The last four weeks have seen the hillsides go from white
to brown and finally to green. Less than
two weeks ago you could just see the tiny sprouts of green if you bent
down. Now there are green hills and wild
flowers are just starting to bud. The nights still dip down to freezing but
sunshine greets your face in the morning and every day has the smell of spring.

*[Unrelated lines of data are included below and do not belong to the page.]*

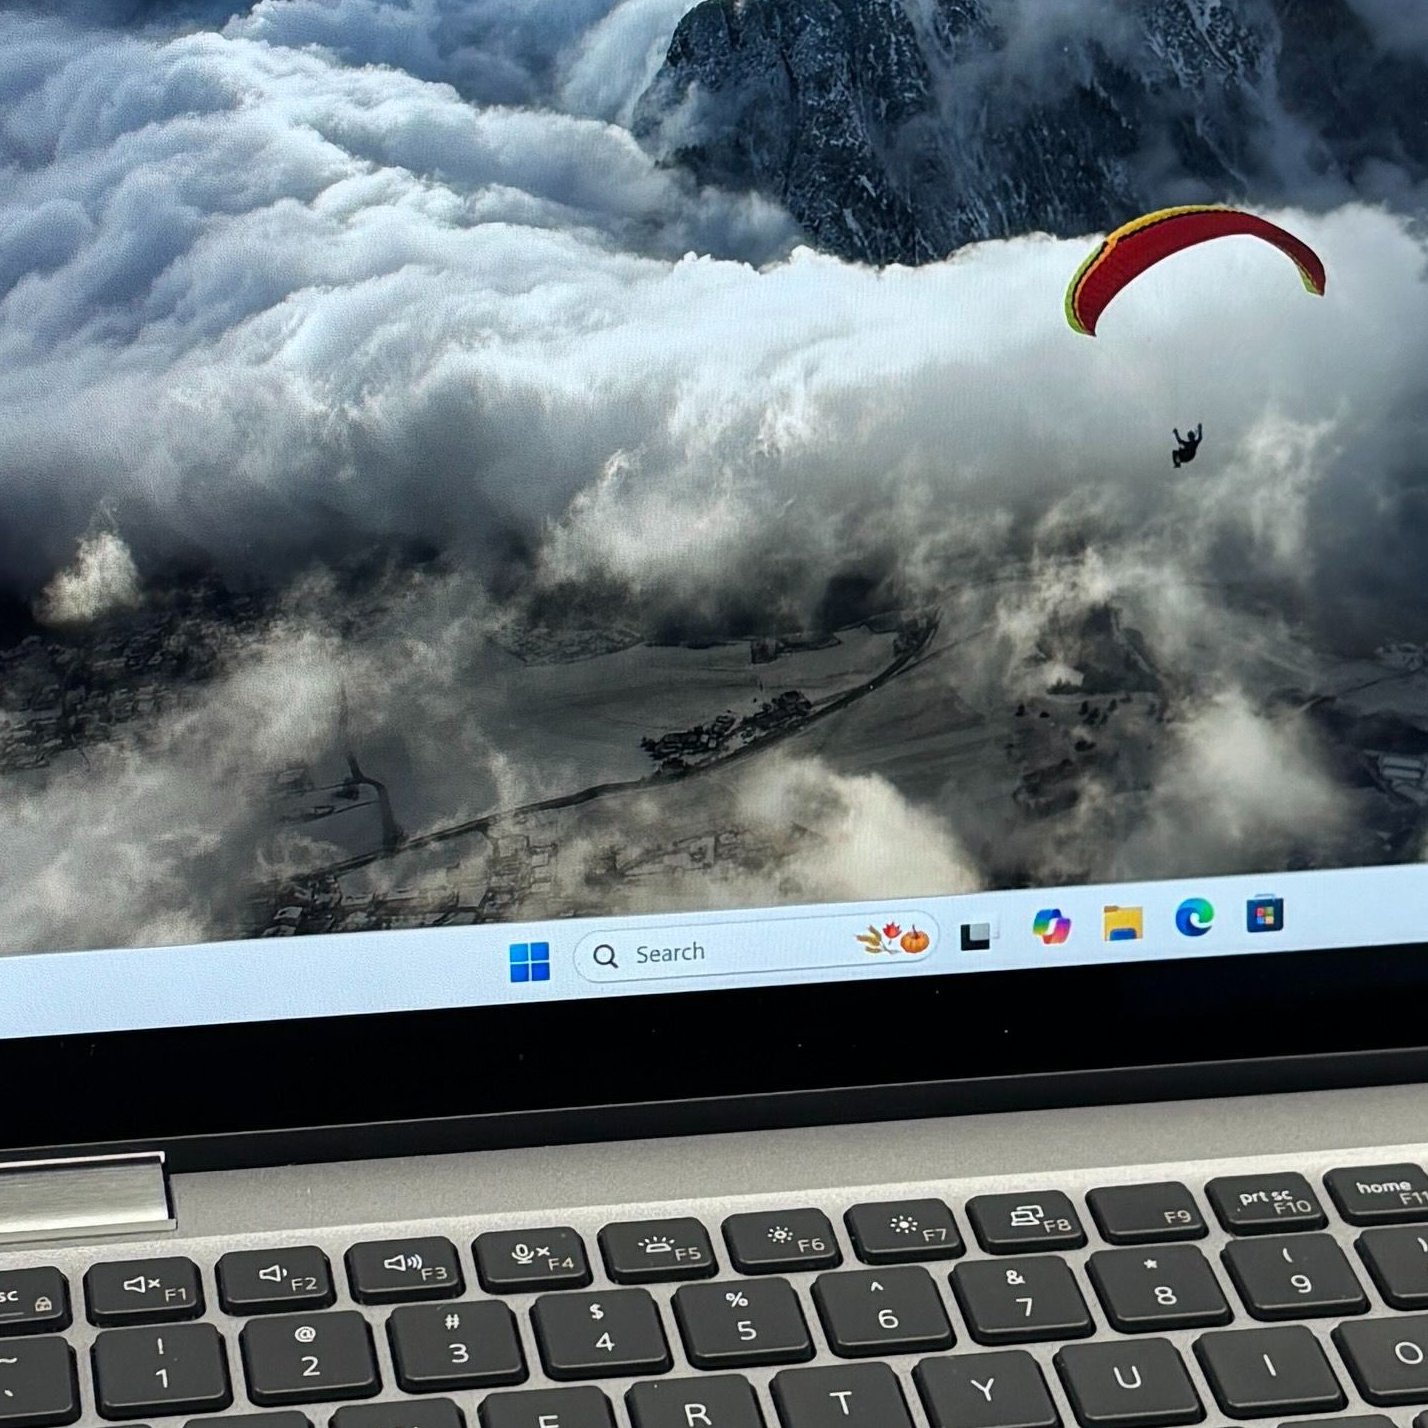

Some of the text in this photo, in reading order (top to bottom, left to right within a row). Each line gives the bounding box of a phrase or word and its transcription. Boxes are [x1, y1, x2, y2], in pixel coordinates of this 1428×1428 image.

[637, 942, 704, 963] Search
[1240, 1191, 1292, 1205] prt sc
[1356, 1182, 1411, 1193] home
[1395, 1342, 1423, 1364] O
[1114, 1366, 1141, 1388] U
[971, 1379, 994, 1401] Y
[830, 1391, 852, 1414] T
[685, 1404, 711, 1427] R

With Hottie still on IR tux and I were out early talking
to the owls and spooking the deer.
The weather and my training calendar were both pointing
toward a long ride on Saturday. I wanted
to get going early so Hottie and I would still have some day left for other
activities.
One of my objectives for spring (from a list complied during
the winter) was to ride to the end of the Chewuch. The end of the road is a place called “Thirty
Mile.” I was hoping the route would be
free of snow. After comparing it to the option of going out to the end of Twisp
River Road I thought the mostly north-south drainage would have less snow than
the generally east-west Twisp River valley.
Yes as a matter of fact I do over think most things. I get that from my mom. Deal with it.
When I left it was right around freezing, but the
sunshine made it feel warmer. The canyon
is a long gradual climb with a bunch of rollers to keep you shifting. I arrived at my desired HR zone, looked
around at the beauty of the day and churned out a familiar rhythm.
Although I passed a carcass or two and stray limbs (both
from trees and mammals that had become part of the food chain) it was generally
a vista full of life. The hills had a
green haze as spring is taking a foothold. Birds sang and the river whooshed by as I went
up the valley. I spooked some deer here and there and had to slow to avoid one
of the dumbest of the breed who waited for me to get really close before
darting into the road. In a word, “venison.”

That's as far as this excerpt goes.